Data-driven decision making is fundamental for all modern businesses. Companies that haven’t figured out how to use data to their advantage must evolve or risk being outcompeted. It’s been no secret to any VC over the past six to seven years that big data is an interesting and attractive investment area. You may be tempted to think that the area has run its course and all the “unicorn” ideas have been funded—but believe it or not, there are still opportunities to build billion-dollar businesses from an early stage. New company-specific data sources are being created in the Fortune 1000, and companies are collecting 2-3x more transactional information each year. Despite the increasing prevalence and availability of data, Silicon Valley hasn’t fully solved for issues surrounding a company’s ability to quickly glean business insights into which data changes are influencing key KPIs. Until now…
Generating proprietary data alone is not enough for businesses to achieve competitive advantage, the real key to success is in using the data effectively. Too often, we see data as an impediment to speed because the cycles between first asking the right business question, to having a data scientist explore the data and develop a hypothesis (or several hypotheses), to having a data scientist confirm the hypothesis, and finally to having the business function have the right insight to take action, can take days if not weeks.
Why is this the unfortunate reality in even the most tech savvy businesses? Because using data to drive key decisions is difficult and complex—and is getting harder. Coming up with a hypothesis about what’s driving a key metric can be just as challenging as finding an answer, and there are not nearly enough data scientists in the market to aid every line of business within every company. LinkedIn reported that Data Scientist is the most promising job in the U.S. in 2019, with the number of job openings posted on the platform rising 56% since the year prior. Without question, we have a data scientist shortage.
In the early 2000s NEA invested in Tableau Software and witnessed firsthand the enthusiasm for data visualization’s powerful efficiency and eye-popping wonder around data exploration. Perhaps this excitement and urgency to adopt new big data tools distracted the market from taking a step back to ask: Why can’t some algorithm just tell me what is going on with my KPIs so I don’t have to explore to begin with? Sometimes an innovative company idea is just a question away, and nearly a decade and a half later we’ve found the answer. Enter Sisu.
The word Sisu is a Finnish concept representing perseverance, grit, and the willingness to solve hard problems. We are thrilled to announce our Series B investment in Sisu, a company utilizing deep ML techniques to analyze the factors driving key metrics and in return surface actionable results to business users. The cloud-first platform speeds up the cycle from raw data to action, allowing businesses to quickly diagnose customer and business operations metrics and making data powerful again.
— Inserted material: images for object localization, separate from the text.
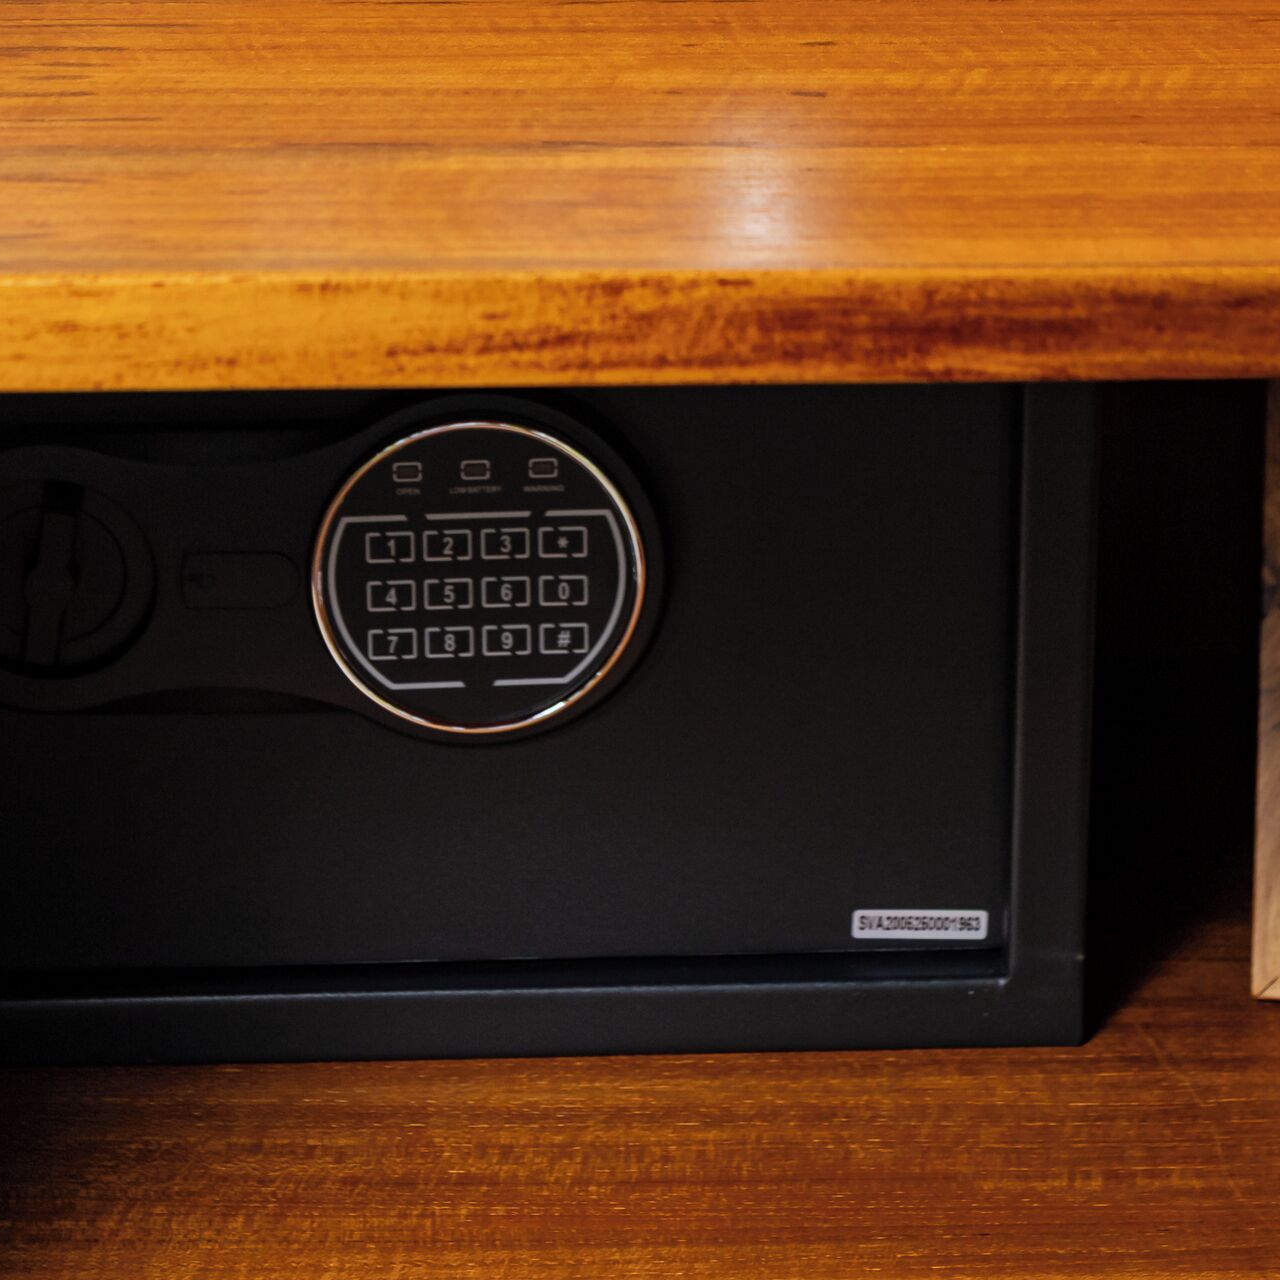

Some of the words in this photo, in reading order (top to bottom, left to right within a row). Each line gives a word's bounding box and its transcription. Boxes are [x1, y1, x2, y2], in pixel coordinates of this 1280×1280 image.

[395, 487, 421, 496] OPEN
[386, 538, 396, 557] 1
[442, 536, 454, 556] 2
[500, 535, 512, 553] 3
[385, 586, 398, 606] 4
[443, 584, 456, 604] 5
[500, 583, 513, 602] 6
[558, 581, 570, 600] 0
[387, 635, 399, 654] 7
[444, 633, 456, 652] 8
[501, 631, 514, 650] 9
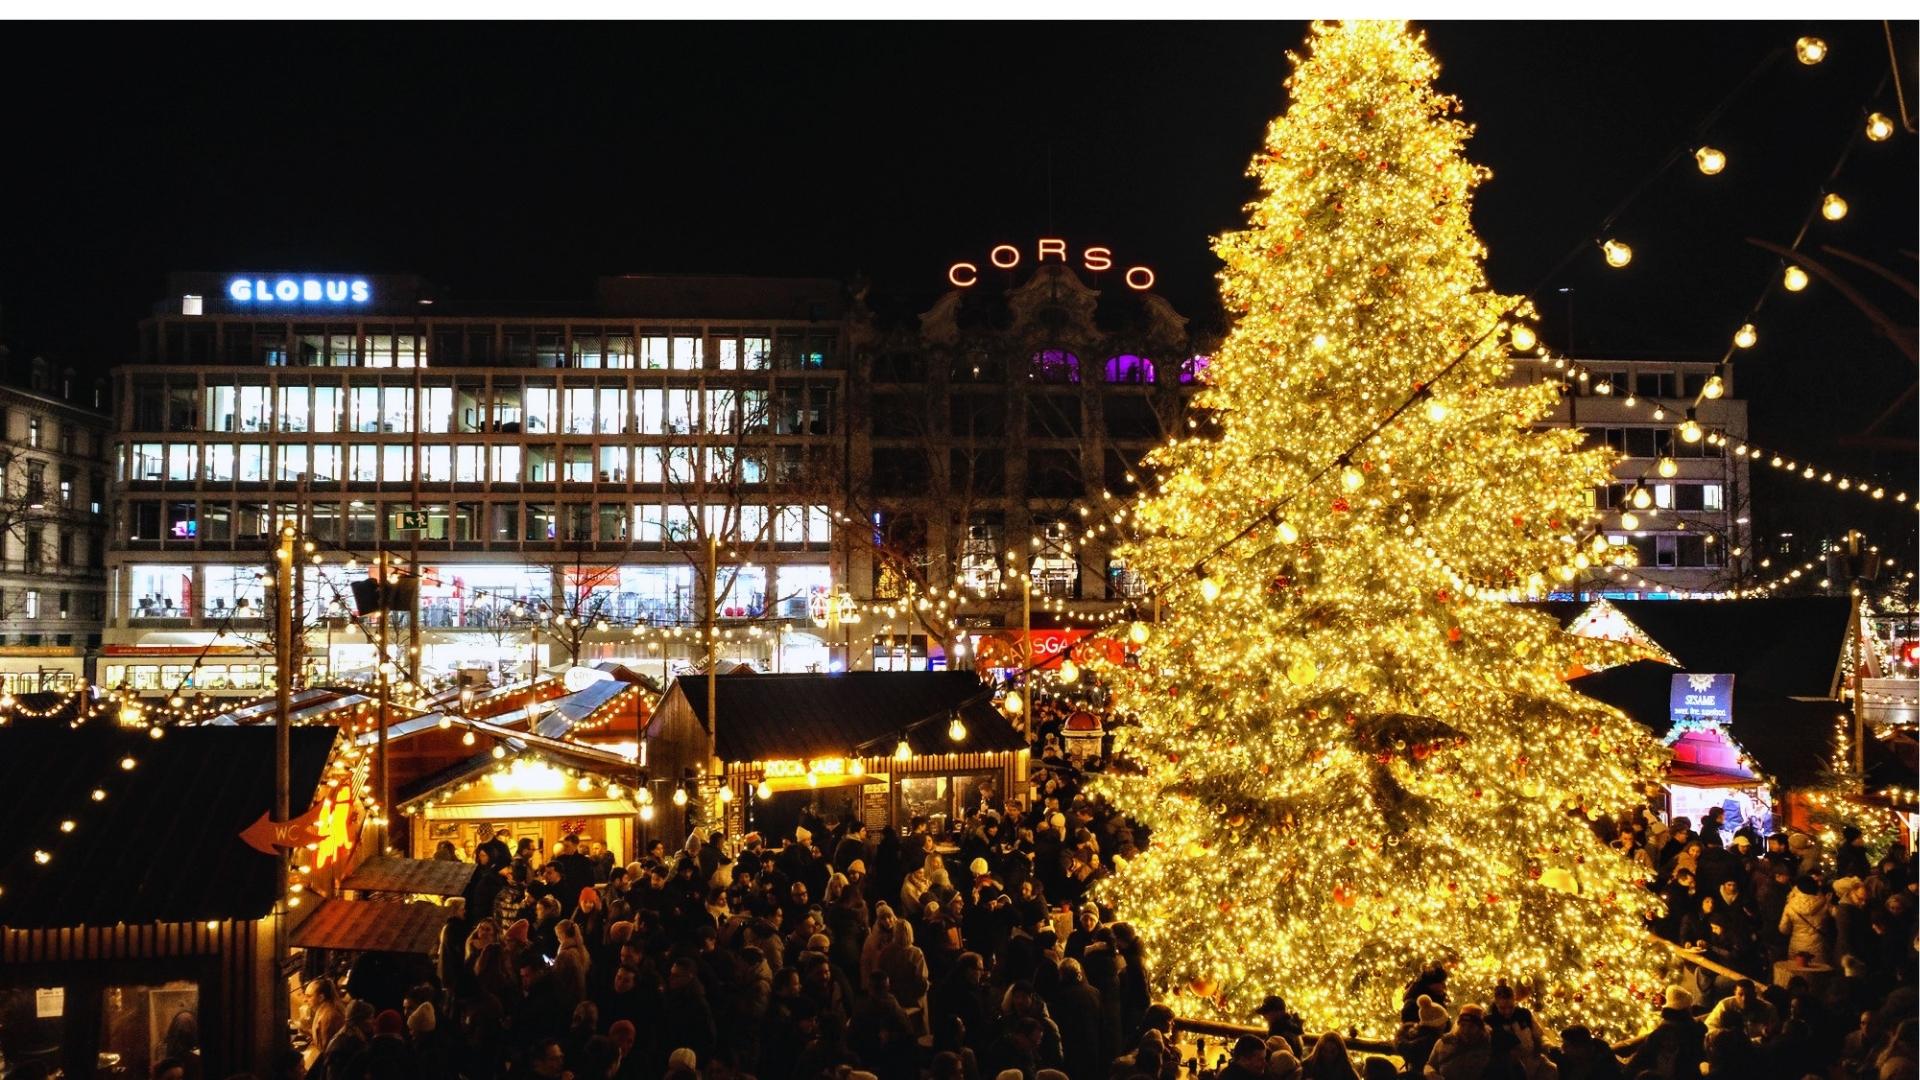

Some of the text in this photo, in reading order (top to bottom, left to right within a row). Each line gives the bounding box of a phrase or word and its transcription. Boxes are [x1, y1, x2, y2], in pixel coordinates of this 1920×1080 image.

[949, 238, 1155, 290] CORSO
[229, 278, 369, 302] GLOBUS
[1684, 694, 1716, 706] SESAME
[275, 824, 300, 841] WC
We recognize the immense value in a technology’s ability to simplify the complex, and to transform the seemingly intangible into something practicable and usable. We saw the need for Sisu’s solution firsthand, within our portfolio. For example, Conviva, which has billions of sensors around the world for measuring Internet video and some of the smartest data analysts in the world (ever heard of Ion Stoica?)—they instantly saw how Sisu could be game changing for serving their customers by providing faster and more comprehensive diagnoses of what’s driving customer behavior.
Peter Bailis, founder and CEO of Sisu, is what I call a “five-tool” entrepreneur. I adopted this term from growing up playing baseball: the rare five-tool player (full disclosure: I wasn’t one of them!) hits for average and power, has speed, a good arm and plays great defense. Players like this lead teams to victory, and you don’t see them very often. Peter is just as extraordinary: he has high EQ, charisma, unique insight on an opportunity, brilliance and humility—all in one. When we heard he was open to raising additional capital and adding another board member, we jumped at the chance.
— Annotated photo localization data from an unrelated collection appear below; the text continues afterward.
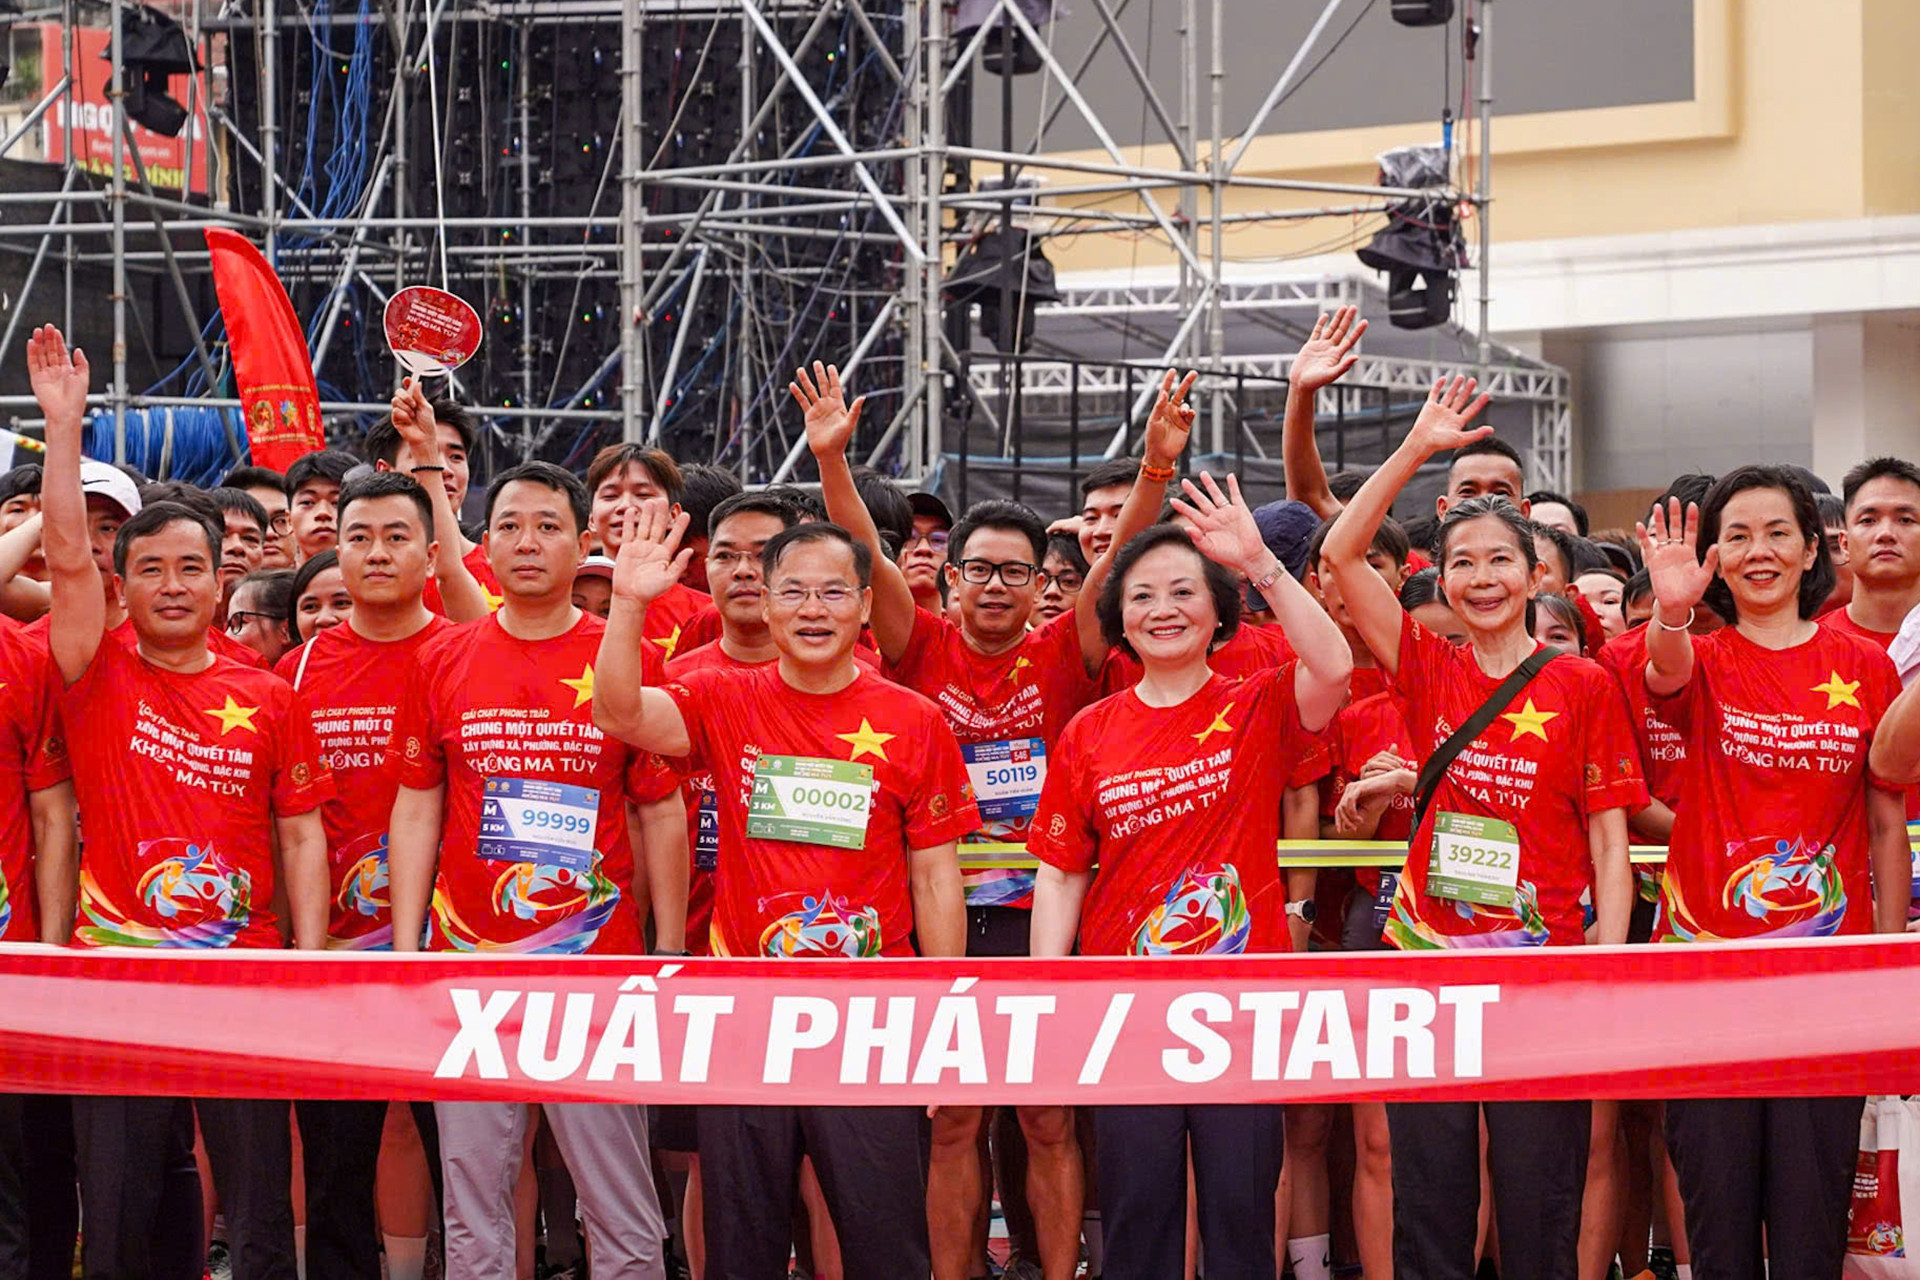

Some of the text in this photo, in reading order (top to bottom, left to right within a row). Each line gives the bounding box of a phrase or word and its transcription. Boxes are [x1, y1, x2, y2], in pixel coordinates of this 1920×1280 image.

[499, 708, 529, 720] PHONG
[528, 708, 550, 719] TRÀO
[353, 717, 382, 734] MỘT
[461, 719, 604, 741] CHUNG MỘT QUYẾT TÂM
[1790, 721, 1830, 739] QUYẾT
[1832, 723, 1859, 739] TÂM
[186, 743, 226, 762] QUYẾT
[226, 747, 253, 765] TÂM
[563, 741, 582, 754] ĐẶC
[583, 743, 602, 755] KHU
[466, 751, 598, 775] KHÔNG MA TÚY
[1473, 753, 1508, 771] QUYẾT
[1509, 756, 1538, 775] TÂM
[1778, 756, 1811, 770] MA
[1816, 755, 1853, 774] TÚY
[176, 769, 246, 798] MA TÚY
[986, 765, 1037, 786] 50119
[1099, 783, 1139, 805] CHUNG
[1167, 758, 1205, 783] QUYẾT
[1514, 777, 1534, 790] KHU
[754, 783, 769, 794] M
[760, 802, 776, 811] KM
[792, 787, 866, 812] 00002
[483, 804, 497, 816] M
[1110, 807, 1164, 840] KHÔNG
[1165, 799, 1195, 819] MA
[490, 824, 505, 832] KM
[521, 809, 591, 835] 99999
[700, 818, 712, 829] M
[1447, 844, 1512, 869] 39222
[1381, 879, 1390, 888] F
[433, 964, 1500, 1085] XUẤT PHÁT / START
At NEA, we love the opportunity to back technical teams, and the potential to partner with Peter is what drove our investment thesis. Peter is well known to the NEA family, having studied at Berkeley with advisors Ion Stoica and Ali Ghodsi (Databricks co-founder and CEO, respectively) before becoming one of the youngest members of the computer science faculty at Stanford, where he partnered with Databricks CTO and Apach Spark creator Matei Zaharia on the DAWN research project. Not only is he off-the-charts brilliant, but he also has an acute sense of business challenges—an ability that has helped Sisu to secure impressive early customers such as Samsung, Upwork and Mixt.
The Sisu origin story is not so different from the aforementioned data-visualization pioneer, Tableau. Pat Hanrahan, Christian Chabot, and Chris Stolte were at Stanford when they developed the core technology which later became the data industry gold standard. We believe Sisu is the next iteration of this data journey—now companies can not only visualize their data, but they can factually understand why it is the way it is. We are thrilled to partner with Peter and the Sisu team as they write the next chapter in data analytics.